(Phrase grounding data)

◇ ◇ ◇ ◇

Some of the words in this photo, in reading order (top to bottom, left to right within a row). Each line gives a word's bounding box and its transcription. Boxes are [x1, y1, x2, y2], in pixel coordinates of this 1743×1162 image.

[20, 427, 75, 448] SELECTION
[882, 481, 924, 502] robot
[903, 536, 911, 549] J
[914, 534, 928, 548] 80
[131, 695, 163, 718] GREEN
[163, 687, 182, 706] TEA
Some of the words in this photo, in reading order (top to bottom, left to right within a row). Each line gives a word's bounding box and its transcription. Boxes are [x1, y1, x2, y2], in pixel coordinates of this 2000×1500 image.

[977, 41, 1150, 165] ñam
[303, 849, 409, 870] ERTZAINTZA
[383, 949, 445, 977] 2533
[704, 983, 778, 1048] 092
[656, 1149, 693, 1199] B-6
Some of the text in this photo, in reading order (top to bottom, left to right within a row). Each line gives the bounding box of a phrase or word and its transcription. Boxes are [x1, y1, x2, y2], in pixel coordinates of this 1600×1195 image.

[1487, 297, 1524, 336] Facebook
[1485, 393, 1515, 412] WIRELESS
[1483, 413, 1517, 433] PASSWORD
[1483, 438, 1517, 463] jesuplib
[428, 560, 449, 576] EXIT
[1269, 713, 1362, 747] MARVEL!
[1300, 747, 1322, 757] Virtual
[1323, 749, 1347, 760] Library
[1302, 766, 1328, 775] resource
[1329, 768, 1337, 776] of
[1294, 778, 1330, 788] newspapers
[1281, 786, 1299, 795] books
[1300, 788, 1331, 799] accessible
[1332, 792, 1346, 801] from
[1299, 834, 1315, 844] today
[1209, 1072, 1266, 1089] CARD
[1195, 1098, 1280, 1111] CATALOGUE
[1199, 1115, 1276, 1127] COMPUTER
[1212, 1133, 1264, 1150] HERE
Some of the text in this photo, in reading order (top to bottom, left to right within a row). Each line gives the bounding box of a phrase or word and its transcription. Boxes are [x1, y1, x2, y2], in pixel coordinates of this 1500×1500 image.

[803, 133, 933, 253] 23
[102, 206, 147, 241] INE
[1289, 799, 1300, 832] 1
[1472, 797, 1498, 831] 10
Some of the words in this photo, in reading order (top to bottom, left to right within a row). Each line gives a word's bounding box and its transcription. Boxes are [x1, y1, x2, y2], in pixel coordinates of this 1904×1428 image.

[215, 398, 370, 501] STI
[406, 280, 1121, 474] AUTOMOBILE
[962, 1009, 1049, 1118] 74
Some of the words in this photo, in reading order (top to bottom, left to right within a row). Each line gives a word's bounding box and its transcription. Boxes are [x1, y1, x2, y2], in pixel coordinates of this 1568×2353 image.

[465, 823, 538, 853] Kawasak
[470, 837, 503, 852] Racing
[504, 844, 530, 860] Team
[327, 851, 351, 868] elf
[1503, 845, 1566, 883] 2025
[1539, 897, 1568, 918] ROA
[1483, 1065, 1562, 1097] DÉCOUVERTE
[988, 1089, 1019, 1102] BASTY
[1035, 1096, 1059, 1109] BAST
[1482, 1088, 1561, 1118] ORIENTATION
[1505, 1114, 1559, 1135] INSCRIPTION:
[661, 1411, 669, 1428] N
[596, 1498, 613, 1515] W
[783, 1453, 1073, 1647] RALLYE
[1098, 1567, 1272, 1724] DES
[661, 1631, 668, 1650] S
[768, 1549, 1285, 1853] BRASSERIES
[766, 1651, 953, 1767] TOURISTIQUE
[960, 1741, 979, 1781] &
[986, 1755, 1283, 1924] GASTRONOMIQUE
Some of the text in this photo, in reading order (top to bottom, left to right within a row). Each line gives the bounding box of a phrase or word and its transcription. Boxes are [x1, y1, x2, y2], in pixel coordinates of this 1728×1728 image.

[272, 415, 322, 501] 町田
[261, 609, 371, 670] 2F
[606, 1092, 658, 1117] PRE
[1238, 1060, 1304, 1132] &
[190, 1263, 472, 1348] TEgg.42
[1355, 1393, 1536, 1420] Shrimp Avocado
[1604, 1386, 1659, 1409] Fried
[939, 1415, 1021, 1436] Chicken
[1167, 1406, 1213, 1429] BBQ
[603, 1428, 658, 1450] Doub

◇ ◇ ◇ ◇

### PROBLEM DESCRIPTION
Copy from the line with "this 1728×1728 image." to the final line of the records, inclusive, and add nothing else.

### EXERCISE SOLUTION
Some of the text in this photo, in reading order (top to bottom, left to right within a row). Each line gives the bounding box of a phrase or word and its transcription. Boxes are [x1, y1, x2, y2], in pixel coordinates of this 1728×1728 image.

[272, 415, 322, 501] 町田
[261, 609, 371, 670] 2F
[606, 1092, 658, 1117] PRE
[1238, 1060, 1304, 1132] &
[190, 1263, 472, 1348] TEgg.42
[1355, 1393, 1536, 1420] Shrimp Avocado
[1604, 1386, 1659, 1409] Fried
[939, 1415, 1021, 1436] Chicken
[1167, 1406, 1213, 1429] BBQ
[603, 1428, 658, 1450] Doub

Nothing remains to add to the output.